A newly inaugurated President Donald Trump rang the opening bell for what will be a multistep process to repeal and replace the Affordable Care Act, or Obamacare, as he signed an executive order on Friday directing his subordinates to:

exercise all authority and discretion available to them to waive, defer, grant exemptions from, or delay the implementation of any provision or requirement of the Act that would impose a fiscal burden on any State or a cost, fee, tax, penalty, or regulatory burden on individuals, families, healthcare providers, health insurers, patients, recipients of healthcare services, purchasers of health insurance, or makers of medical devices, products, or medications.

While it is true that Congress will need to enact legislation to address Obamacare’s major components, the Trump administration can immediately begin to pare back and rework the law’s numerous and detailed regulations.

In large part, that is because the law itself granted the executive branch considerable discretionary authority to fill in the details through regulation. Those details can now be changed by a new administration, and this executive order makes doing exactly that the official policy of the Trump administration.

As to the substance, the new president’s clear directive is for his appointees to focus on minimizing the damaging effects of the law. That constitutes a sharp change in direction from the one taken by the Obama administration.

The implementation approach taken by the Obama administration was essentially to try to increase subsidized enrollment heedless of any resulting costs or disruptions to either the public or private sectors. This executive order signals that the Trump administration’s first order of business for Obamacare will instead be to minimize those costs and disruptions.


That will be particularly welcome news for those who faced loss of their coverage and doctors and escalating premiums and deductibles, but received no offsetting Obamacare subsidies.

Their lived experience of Obamacare as “all pain, no gain” was a major factor explaining not only the law’s persistent unpopularity but also why voters in sequential elections handed Republicans control of first the House, then the Senate, and finally the White House.

As for the mechanics, the new administration’s actions to implement this executive order in the coming weeks will reflect considerations of both effect and timing.

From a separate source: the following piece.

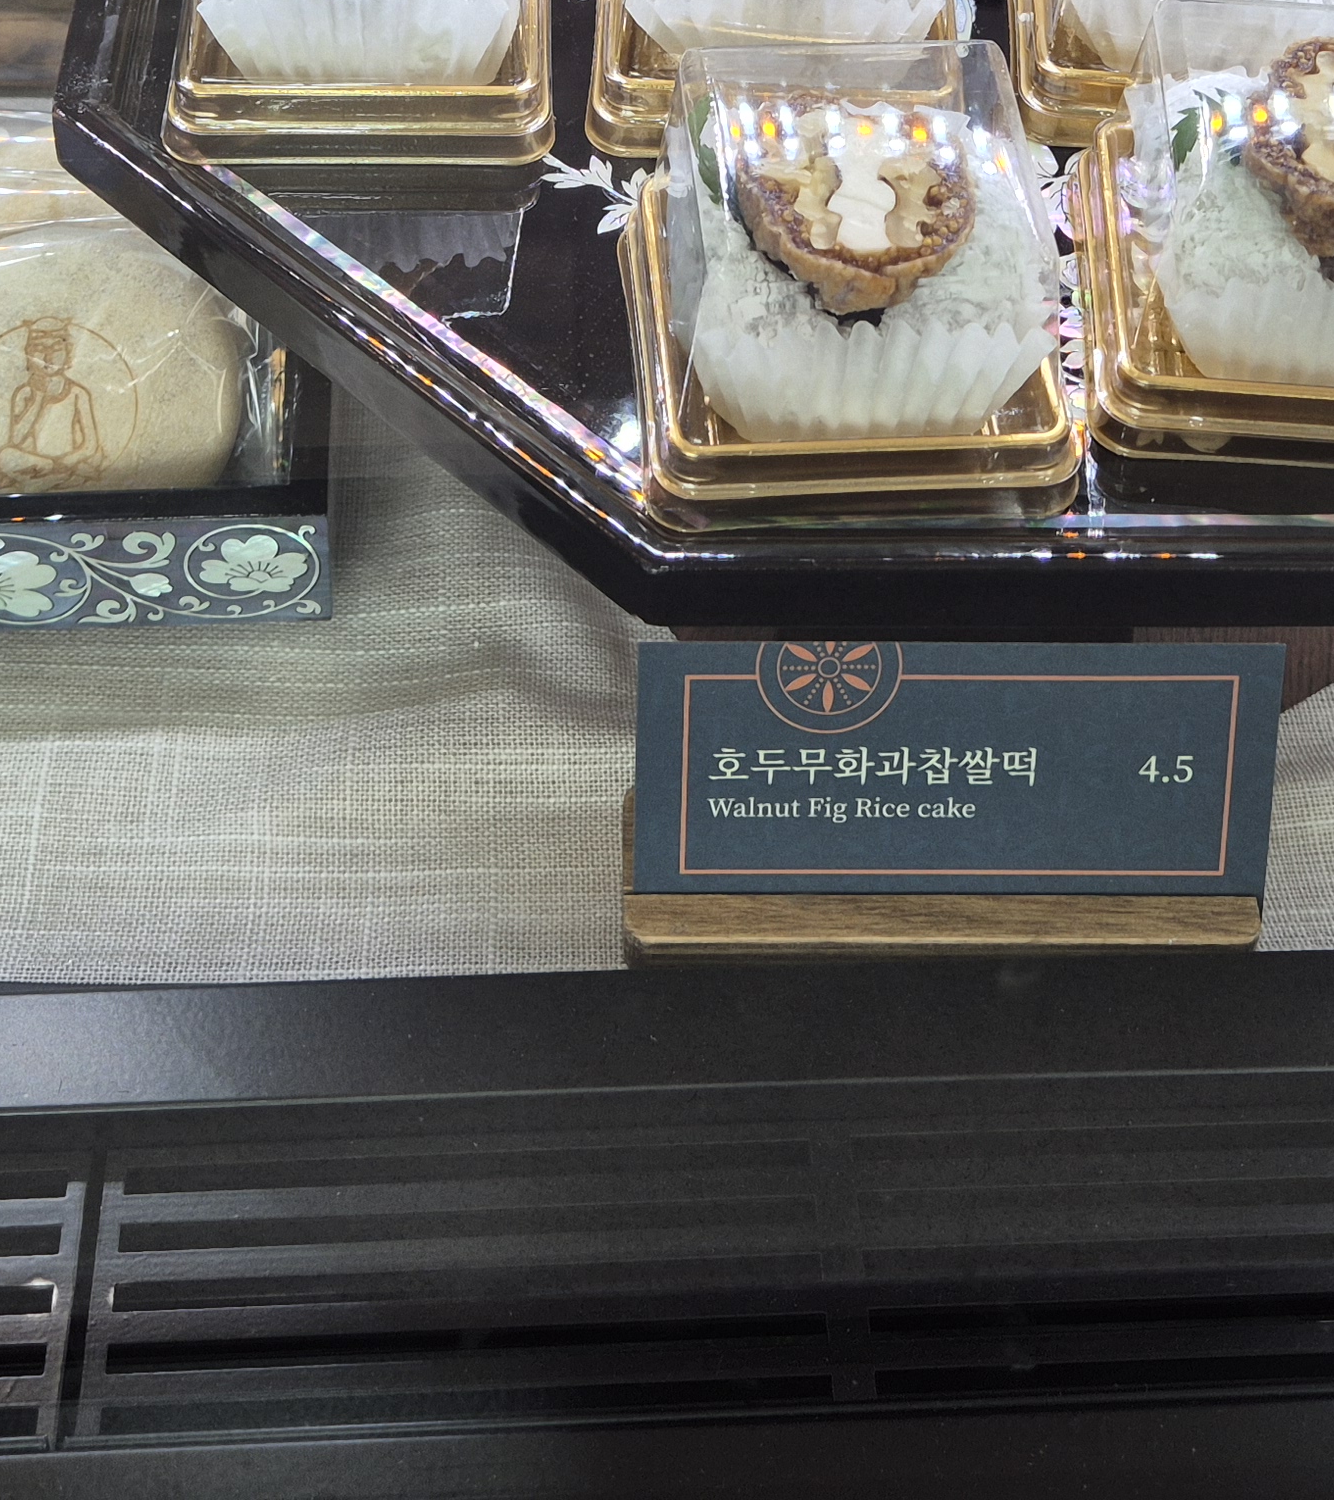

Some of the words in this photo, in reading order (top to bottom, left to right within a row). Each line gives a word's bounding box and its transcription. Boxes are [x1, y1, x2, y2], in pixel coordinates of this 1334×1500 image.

The Trump administration is likely to prioritize those changes that will have the biggest and most immediate effects—such as ones that can help stabilize the unsubsidized individual and small employer health insurance markets and head off any repeat in 2018 of the massive increases in premiums announced last fall for 2017.

What is little appreciated, even by Washington policymakers, is that while subsidized Obamacare enrollment has been slowing, the damage the law is doing to unsubsidized markets has been accelerating.

For instance, while insurers exiting Obamacare’s subsidized exchanges was widely reported last fall, less attention was paid to the more disturbing news that a number of insurers were also exiting the unsubsidized individual and small employer health insurance markets as a result of Obamacare.

The administrative actions called for in this executive order can help to shore up those nonexchange markets.

Furthermore, the Trump administration acting (wherever possible) to quickly roll back Obamacare’s voluminous and detailed regulations will support and encourage congressional efforts to advance repeal and replace legislation; signal a new direction for health reform to insurers, providers, employers, and other stakeholders; and offer consumers tangible evidence that relief is on the way.